Mission control for Tiffany Costello is not “in the box.” Photo by Shawn McClung

Living without regret is a theme for Tiffany Costello. It’s a constant drive that’s inspired her to move to several different (and culturally exciting) cities across the country and to try and maintain a consistent vehicle for her musical expression. That vehicle is Housekeys, ethereal and oceanic synth-driven ambience that’s ideal if you’re into Nils Frahm and Brian Eno.

Costello, after just two months back living in her hometown of Fort Worth, has released Exploded Views, a four-song EP that found its way onto streaming platforms earlier this month through Slow Echo, a subsidiary of Hong Kong-based ambient footprint Echoes Blue.

On Views, unlike many other ambient artists who create much of their music “in the box” — meaning with software-based synth modelers and plug-ins on a computer — Costello opted to create most of her sounds the old-fashioned way: with actual physical instruments, namely her Nord Electro synthesizer, Rhodes piano, and electric guitars. The end product is the sonic equivalent of a sci-fi movie that uses real practical effects versus the flat, weightless look of CGI. The result is much more immersive and authentic-feeling, with thick and wooly synth waves that crash over you rather than trickle into your ear. The music makes for the perfect soundtrack to any therapeutic task, reading, or folding laundry, or staring into the void while contemplating where it all went wrong. Housekeys’ sonics are wide and expansive but remain grounding and contemplative at the same time.
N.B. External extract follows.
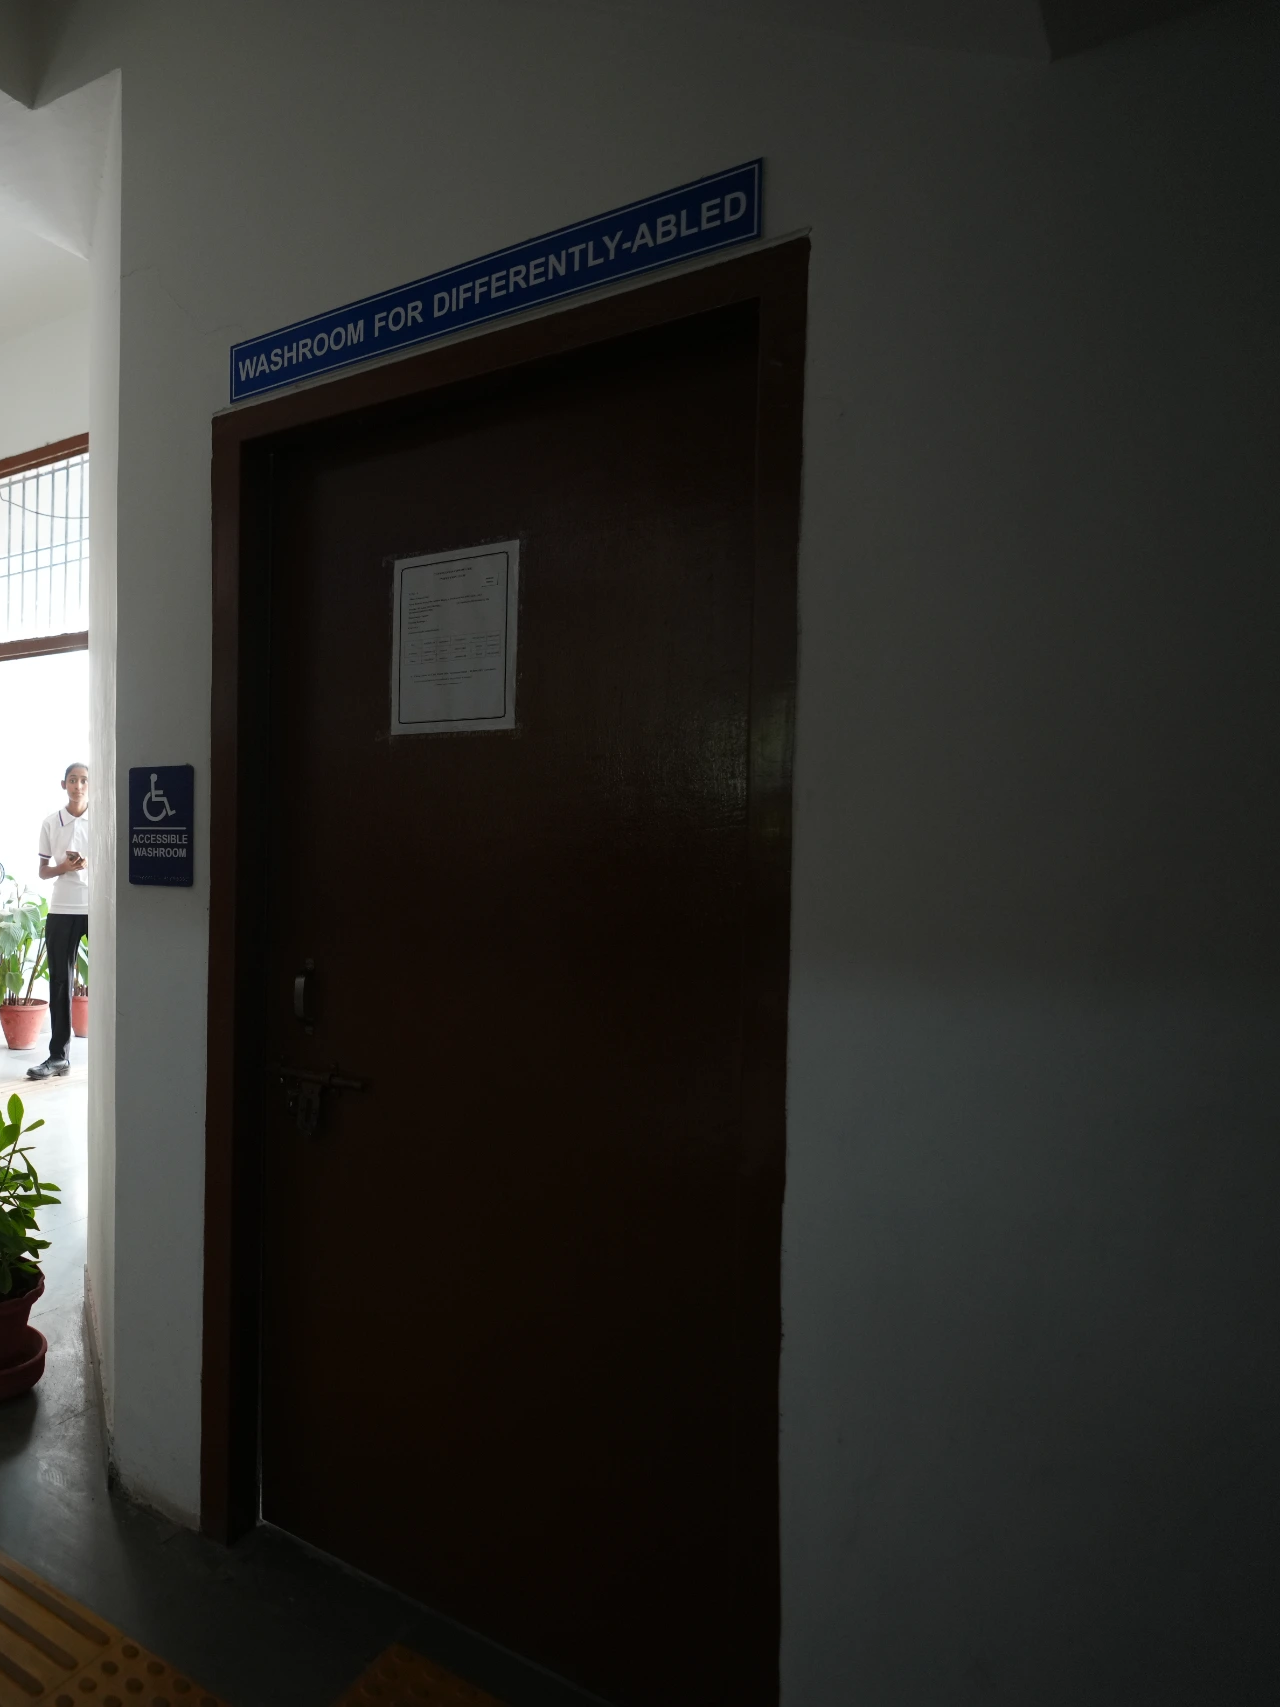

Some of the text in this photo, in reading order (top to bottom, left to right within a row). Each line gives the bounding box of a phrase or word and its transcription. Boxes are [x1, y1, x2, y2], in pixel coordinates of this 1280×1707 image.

[237, 190, 748, 382] WASHROOM FOR DIFFERENTLY-ABLED
[132, 834, 188, 844] ACCESSIBLE
[133, 847, 187, 858] WASHROOM
“I draw from emotion,” Costello said of her music creation. “I’m always trying to pull out whatever I’m feeling and put it into the music. The translation of where the artist is at while they’re creating to how it’s perceived by the audience is always fascinating to me.”

Though Costello has been writing and performing under the Housekeys moniker since her time living in Denver about seven years ago, Exploded Views is the project’s first official release, a delay she said she owes to fear.

“I’ve always been trying to do the music thing,” she said, “but I have stage fright, and [a desire for] perfection is always lingering, so I never really put anything out.”

A turning point for her progress in overcoming her fear happened during her first handful of shows. She managed to score an opening slot for instrumental post-rock outfit Unwed Sailor, a favorite band of hers since high school.

“That was really cool for me,” she recalled. “It was a big boost for me in thinking maybe this thing is something I can continue doing.”

She admits she’s come a long way. The specter of disappointment from not pursuing her goals is a constant source of motivation.

“I’ve learned to compartmentalize it,” she said of ignoring her fear. “I can just shut that entire room out of my head. I’ll always regret it if I don’t do something because I’m scared to do it.”

That drive of avoiding remorse over not taking chances brought her to Seattle from her time in Denver. Then a few years later, she moved to New York. Living there, she said, was a humbling experience. She found it difficult to break into the saturated music scene and instead began focusing on theater, acting, and dance as her creative outlet. All the while, she continued to write music and tried to learn more home recording techniques. Then she got another break that steered her focus back to music. After years of applying, she was finally accepted by South by Southwest for a slot on a showcase with well-regarded ambient acts Nico Rosenberg, Lucy Gooch, and others.

“That kind of shifted everything into a whirlwind,” Costello said of the experience of SXSW. “It was really well-received. Getting to play that, I totally shifted gears, and I’m really excited about it. I ended up writing a bunch of new music for that set. Some of that music will go into the new record I’m doing in October.”

As a project, Housekeys’ sound has evolved over the years Costello has been tending to it, beginning with a shoegaze vibe, then revving into mostly improvised noise existing only in performance. During her time in Seattle, she began to try to smooth out some of the rougher edges, to add some structure, and to try to find the form of “proper songs” hidden within the undefined blocks of sonic marble.

From her years-long tour living in many of the country’s cultural hot spots to her newfound focus on recording and playing live and to her diving headfirst back into the local music scene — reconnecting with old musical allies and even starting a Facebook page devoted to archiving the rich musical history of Fort Worth — Costello is trying to do it all. However, her latest endeavor to avoid the I-wish-I-would-haves will push her further than anything yet. For that next album she’s planning on tracking next month, not only will Costello sing — a task that her self-professed shyness to this point hasn’t allowed — she will do that singing all the way in Reykjavik, Iceland. Housekeys will be recording in the rocky and rainy island’s famed Sundlaugin Studio, home of post-rock icons Sigur Rós. She admits she’s nervous about the prospect — a foreign country, attempting to live up to a historied studio’s standards, uncharted musical territory — but that old drive is compelling her to once again take the inherent risks, both emotional and financial.

The next step for Costello appears to be adding a rhythm section and expanding Housekeys into a proper band, and she said she looks forward to the next stage of evolution for the project.

“The way I view this whole thing is that I’ve stopped trying to control it,” she said. “Instead, I’m now like, ‘OK, what would you like to create for me today?,’ letting it all exist how it wants.”